In [17]:
import context
from palimpzest.constants import PZ_DIR
import palimpzest as pz

import gradio as gr
import numpy as np
import pandas as pd

import argparse
import requests
import json
import time
import os

pz.DataDirectory().clearCache(keep_registry=True)

In [18]:
class ScientificPaper(pz.PDFFile):
   """Represents a scientific research paper, which in practice is usually from a PDF file"""
   title = pz.Field(desc="The title of the paper. This is a natural language title, not a number or letter.", required=True)
   publicationYear = pz.Field(desc="The year the paper was published.
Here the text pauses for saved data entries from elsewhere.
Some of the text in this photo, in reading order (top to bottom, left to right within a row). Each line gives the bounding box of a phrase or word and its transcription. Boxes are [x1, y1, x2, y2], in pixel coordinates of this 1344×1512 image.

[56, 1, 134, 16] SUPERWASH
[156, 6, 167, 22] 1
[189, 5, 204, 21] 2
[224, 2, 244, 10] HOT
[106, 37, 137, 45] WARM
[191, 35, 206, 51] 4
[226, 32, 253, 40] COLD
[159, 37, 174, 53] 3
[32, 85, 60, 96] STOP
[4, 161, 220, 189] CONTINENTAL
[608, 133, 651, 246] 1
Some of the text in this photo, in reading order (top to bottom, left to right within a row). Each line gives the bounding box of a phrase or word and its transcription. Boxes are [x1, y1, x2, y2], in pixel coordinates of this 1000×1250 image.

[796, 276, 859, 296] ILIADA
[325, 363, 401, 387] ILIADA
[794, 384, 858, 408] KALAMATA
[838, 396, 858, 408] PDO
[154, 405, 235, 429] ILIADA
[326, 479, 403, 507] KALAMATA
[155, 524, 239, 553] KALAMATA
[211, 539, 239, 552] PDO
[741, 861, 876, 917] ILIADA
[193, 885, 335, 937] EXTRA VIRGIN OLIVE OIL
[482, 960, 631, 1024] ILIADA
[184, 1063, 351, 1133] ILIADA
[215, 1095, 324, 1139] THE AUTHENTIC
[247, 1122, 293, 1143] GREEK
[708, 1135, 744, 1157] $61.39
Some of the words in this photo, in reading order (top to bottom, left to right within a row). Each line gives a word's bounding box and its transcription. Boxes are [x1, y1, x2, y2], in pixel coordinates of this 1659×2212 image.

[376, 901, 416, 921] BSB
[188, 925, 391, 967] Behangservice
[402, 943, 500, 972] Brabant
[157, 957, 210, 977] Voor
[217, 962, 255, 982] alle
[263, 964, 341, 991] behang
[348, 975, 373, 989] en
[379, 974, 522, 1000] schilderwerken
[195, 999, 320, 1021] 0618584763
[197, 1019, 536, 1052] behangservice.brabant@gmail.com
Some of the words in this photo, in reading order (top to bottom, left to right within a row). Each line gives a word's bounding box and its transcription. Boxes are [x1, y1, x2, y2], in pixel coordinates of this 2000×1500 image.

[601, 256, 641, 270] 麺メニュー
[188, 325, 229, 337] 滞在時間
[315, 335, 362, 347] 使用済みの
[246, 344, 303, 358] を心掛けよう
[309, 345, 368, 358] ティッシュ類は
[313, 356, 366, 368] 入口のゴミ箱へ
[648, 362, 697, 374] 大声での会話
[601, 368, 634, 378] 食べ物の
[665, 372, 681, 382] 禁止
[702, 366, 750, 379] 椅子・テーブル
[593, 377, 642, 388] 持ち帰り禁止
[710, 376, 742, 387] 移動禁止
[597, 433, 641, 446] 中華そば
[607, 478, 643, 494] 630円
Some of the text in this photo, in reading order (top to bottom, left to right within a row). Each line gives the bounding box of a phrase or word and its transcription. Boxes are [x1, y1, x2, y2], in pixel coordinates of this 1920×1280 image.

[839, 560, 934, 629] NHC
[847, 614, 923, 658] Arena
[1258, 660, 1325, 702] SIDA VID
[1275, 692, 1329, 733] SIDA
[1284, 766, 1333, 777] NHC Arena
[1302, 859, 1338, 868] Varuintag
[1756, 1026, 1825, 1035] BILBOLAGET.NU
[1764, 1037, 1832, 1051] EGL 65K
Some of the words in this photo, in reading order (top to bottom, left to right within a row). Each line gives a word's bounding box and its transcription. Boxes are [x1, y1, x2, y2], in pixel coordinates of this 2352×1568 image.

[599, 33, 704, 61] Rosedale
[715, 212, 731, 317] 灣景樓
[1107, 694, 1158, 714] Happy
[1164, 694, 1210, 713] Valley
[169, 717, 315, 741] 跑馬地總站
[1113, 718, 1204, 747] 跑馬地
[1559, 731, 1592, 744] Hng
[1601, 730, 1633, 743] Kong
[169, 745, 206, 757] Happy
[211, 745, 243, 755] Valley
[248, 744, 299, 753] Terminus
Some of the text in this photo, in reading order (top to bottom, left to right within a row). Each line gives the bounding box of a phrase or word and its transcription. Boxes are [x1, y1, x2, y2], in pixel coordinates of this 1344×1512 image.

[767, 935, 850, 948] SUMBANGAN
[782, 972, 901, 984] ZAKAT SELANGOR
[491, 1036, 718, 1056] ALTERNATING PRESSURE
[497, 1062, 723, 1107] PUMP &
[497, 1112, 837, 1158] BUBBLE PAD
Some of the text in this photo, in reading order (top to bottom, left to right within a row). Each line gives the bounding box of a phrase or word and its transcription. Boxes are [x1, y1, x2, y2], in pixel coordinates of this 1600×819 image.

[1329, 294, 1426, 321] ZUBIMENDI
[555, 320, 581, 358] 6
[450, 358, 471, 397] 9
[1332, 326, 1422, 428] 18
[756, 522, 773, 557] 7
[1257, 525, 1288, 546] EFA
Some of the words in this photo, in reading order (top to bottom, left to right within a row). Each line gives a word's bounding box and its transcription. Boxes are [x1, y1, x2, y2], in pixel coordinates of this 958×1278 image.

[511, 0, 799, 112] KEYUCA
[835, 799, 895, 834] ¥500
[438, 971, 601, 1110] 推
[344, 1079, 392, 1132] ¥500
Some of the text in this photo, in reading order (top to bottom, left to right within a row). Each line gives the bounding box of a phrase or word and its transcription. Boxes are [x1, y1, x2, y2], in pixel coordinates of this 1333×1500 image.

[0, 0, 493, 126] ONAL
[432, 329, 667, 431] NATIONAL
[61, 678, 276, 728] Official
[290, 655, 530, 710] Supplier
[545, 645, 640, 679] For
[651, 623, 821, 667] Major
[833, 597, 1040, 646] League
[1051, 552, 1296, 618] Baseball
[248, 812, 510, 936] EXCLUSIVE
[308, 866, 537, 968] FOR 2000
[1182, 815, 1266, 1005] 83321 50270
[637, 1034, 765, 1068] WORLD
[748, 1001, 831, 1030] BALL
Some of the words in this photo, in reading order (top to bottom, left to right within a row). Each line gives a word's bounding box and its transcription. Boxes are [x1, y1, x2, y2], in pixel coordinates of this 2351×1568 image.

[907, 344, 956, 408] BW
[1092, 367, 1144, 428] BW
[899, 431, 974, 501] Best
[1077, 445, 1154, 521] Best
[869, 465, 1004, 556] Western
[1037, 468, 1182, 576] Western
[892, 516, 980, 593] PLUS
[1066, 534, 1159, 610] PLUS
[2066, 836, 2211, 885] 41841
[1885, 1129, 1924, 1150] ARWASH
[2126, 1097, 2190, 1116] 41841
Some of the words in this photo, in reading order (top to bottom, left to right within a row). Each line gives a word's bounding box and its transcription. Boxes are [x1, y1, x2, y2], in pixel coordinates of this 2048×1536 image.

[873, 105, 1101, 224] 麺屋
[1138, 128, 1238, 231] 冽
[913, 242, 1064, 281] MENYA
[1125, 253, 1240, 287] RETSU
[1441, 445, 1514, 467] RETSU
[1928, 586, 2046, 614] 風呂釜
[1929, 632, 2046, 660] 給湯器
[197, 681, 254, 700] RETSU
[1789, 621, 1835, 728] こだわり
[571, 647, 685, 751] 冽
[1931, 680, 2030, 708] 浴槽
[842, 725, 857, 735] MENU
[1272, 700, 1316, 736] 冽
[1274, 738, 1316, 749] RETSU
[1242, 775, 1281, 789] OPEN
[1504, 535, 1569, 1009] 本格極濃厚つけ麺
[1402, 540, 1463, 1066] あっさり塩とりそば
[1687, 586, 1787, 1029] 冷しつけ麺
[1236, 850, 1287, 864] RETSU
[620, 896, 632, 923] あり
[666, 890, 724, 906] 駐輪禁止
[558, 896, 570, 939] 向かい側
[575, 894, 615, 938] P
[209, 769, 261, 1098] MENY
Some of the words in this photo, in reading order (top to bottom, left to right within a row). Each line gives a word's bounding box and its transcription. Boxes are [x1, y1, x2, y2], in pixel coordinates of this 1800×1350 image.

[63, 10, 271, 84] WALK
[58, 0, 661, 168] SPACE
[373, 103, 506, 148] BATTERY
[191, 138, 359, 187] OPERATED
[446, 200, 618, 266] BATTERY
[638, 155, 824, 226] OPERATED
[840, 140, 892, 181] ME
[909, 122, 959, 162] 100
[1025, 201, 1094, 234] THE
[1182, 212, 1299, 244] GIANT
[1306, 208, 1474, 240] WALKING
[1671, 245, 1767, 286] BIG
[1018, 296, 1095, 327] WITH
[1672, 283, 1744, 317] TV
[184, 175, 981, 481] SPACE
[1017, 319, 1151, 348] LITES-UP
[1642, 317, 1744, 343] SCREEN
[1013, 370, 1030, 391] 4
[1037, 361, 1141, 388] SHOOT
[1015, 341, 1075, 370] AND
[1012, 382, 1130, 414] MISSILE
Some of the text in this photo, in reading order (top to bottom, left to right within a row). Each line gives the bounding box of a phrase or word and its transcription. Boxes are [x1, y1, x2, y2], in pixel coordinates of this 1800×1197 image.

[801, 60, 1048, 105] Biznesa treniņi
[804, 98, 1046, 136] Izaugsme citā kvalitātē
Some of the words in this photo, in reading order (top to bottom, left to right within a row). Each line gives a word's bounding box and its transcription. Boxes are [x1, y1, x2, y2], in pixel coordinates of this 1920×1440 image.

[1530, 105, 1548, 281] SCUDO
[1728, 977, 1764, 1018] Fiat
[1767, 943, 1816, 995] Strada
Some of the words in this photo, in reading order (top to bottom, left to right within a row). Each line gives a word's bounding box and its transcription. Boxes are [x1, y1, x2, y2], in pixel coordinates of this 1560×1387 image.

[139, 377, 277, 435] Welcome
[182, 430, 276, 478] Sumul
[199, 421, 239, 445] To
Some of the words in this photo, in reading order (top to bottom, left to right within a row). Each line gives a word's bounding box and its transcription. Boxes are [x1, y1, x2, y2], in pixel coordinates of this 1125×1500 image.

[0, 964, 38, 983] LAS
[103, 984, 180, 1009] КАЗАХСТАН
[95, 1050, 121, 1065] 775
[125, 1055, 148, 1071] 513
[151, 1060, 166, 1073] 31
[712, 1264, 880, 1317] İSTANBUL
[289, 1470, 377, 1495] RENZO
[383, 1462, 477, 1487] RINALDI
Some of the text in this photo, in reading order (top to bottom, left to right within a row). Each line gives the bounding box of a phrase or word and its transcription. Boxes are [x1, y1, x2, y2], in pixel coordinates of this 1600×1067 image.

This is a number.", required=False)
   author = pz.Field(desc="The name of the first author of the paper", required=True)
   journal = pz.Field(desc="The name of the journal the paper was published in", required=True)
   subject = pz.Field(desc="A summary of the paper contribution in one sentence", required=False)
   doiURL = pz.Field(desc="The DOI URL for the paper", required=True)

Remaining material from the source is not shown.